What do you mean by 100%? Cause I assure you, it's a very very rare relationship that starts at 100%. They can certainly progress very quickly (I do know people who got married within a year of meeting), but I don't know anyone who met their partners and was immediately committed to marrying them. That's just like....incredibly unrealistic. :funny:

It all starts with getting to know them first. You can't go 100% in without getting to know the person.

I know what you mean by that, and that's exactly what I'm saying: you start by getting to know the person. By 100% I mean how, in the past, I've tried to make it to a 100% but people seem to want to back away from it. And it's not just about romantic relationships either, I'm talking friends, family, all around. So yeah, to say that I'm a bit skeptical about people after all that wouldn't be an understatement. :(

It's like... you want to make new friends, be better friends, a more involved son or brother or whatever, but they don't want you to be. They shrink away when you're starting to open up, they get uncomfortable. For years I thought this was some sort of social problem on my part, that maybe I wasn't reading "traditional roles" right (y'know, keep your distance, don't talk about your romantic problems with your sister, etc.) and hell, maybe it's better if I do think it's my fault coz that way I'd probably try to be better in the future, blaming others isn't exactly going to do anyone any good. So I restrain.
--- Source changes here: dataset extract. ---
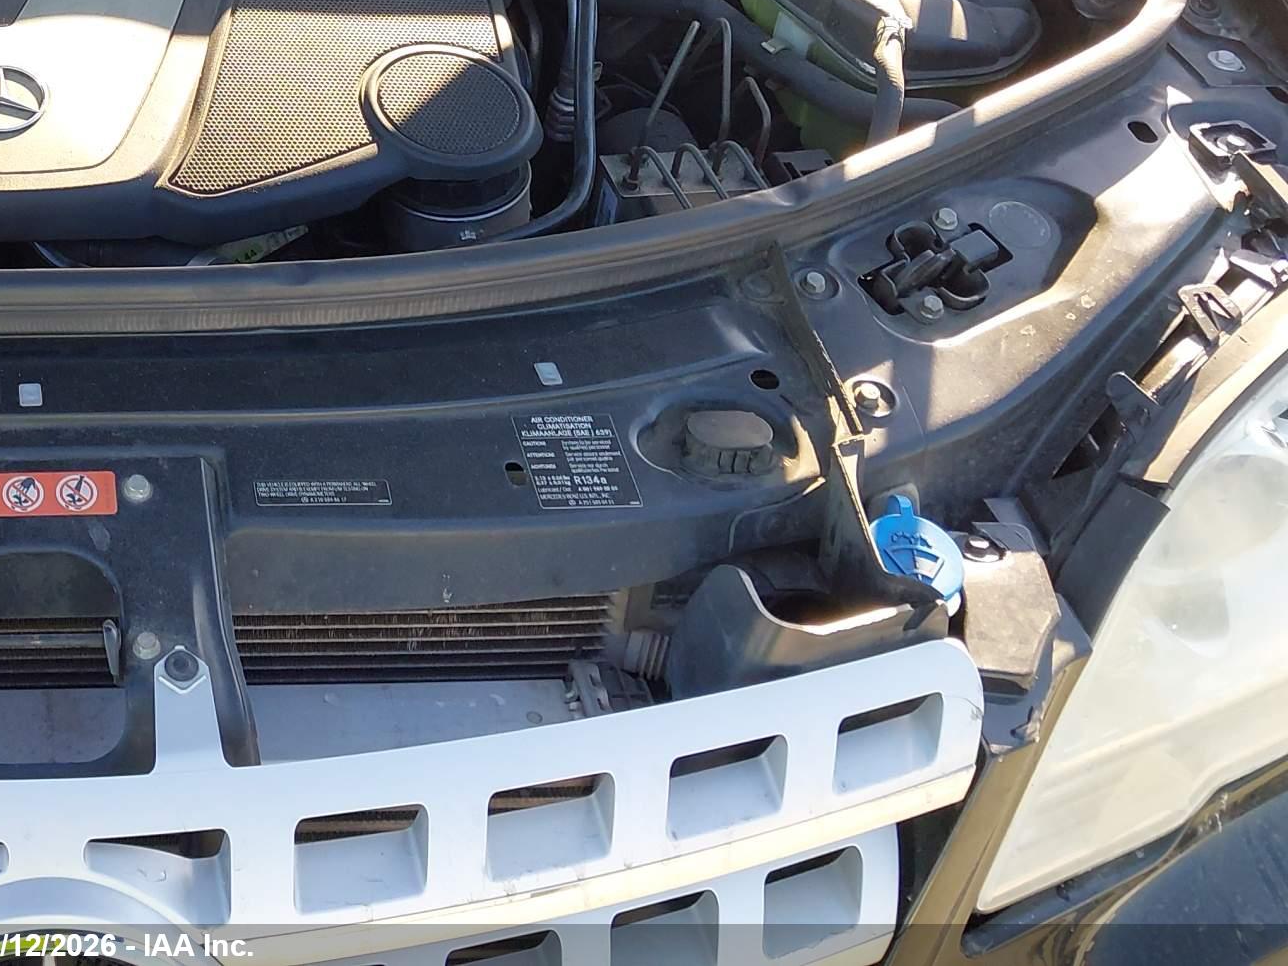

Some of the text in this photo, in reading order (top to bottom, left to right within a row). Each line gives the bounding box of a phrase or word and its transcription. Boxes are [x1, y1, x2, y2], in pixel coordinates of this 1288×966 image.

[544, 415, 593, 423] CONDITIONER
[537, 423, 592, 431] CLIMATISATION
[573, 475, 608, 485] R134a
Right now I'm convinced that unless I don't learn to mature up a bit I'm not ready for a relationship. And then pot-head girl phones me up and says if I heard about the new poetry reading gig this weekend, and that she'd go if she could find someone who's going and can keep her entertained. Then when I ignore that, she says how that lunch we had last week was a "great" time for her and that we ought to do it again sometime.

:dry:

(I actually feel mean, I do find her attractive, I do love the attention she's giving me, I just don't think I'm in a good enough place to start dating right now).

She has a boyfriend.

:dry: okay.

i'm finally getting to the point where i am realizing that i need to slow down and quit working myself into the grave (being sent from work to the ER saturday helped emphasize that point)

but for the first time in a long time i actually feel like i'd be ok dating, but the only guys hitting on me are engaged, married, 10+ years older than me and i'm not interested in pursuing that at all. the guys i do like, i start to feel... inadequate and then i kinda just let it sit on the back burner.

i don't want to settle for less than i deserve or want, but sometimes that debbie downer voice in the back of my head tries to tell me that that might be all i'm gonna get :/

Okay first off--ER!? seriously? What'd you do to yourself? I can relate a little to this only mine wasn't as serious as getting into the emergency room (that last post about stress-induced tumours and ulcers). I'd lost so much weight in the past 6 months that now if I don't eat every 2-3 hours I get these *****ing stomach cramps that don't go away until I eat something. Doc thinks its ulcers and wants to run some of those zany new-age probing tests that I'm not convinced I want to do.

As for being a workaholic, like I said before -- I think we're prone to keep relationships and people at arm's length for a reason, but maybe an emotionally fulfilling relationship would only make the workaholic be better at work? Even if he or she's quite stable emotionally without a partner, with a partner might significantly boost morale or some *****.

Just don't ask Bruce Wayne.
 
Yeah that sounds good actually. Maybe I could even make a fort out of pillows :p

I read your post about the drinking problem... it seems like a recurring theme dude. Maybe you need find some way to channel all that somewhere else? There's no point in drinking casually if you're going to get drunk.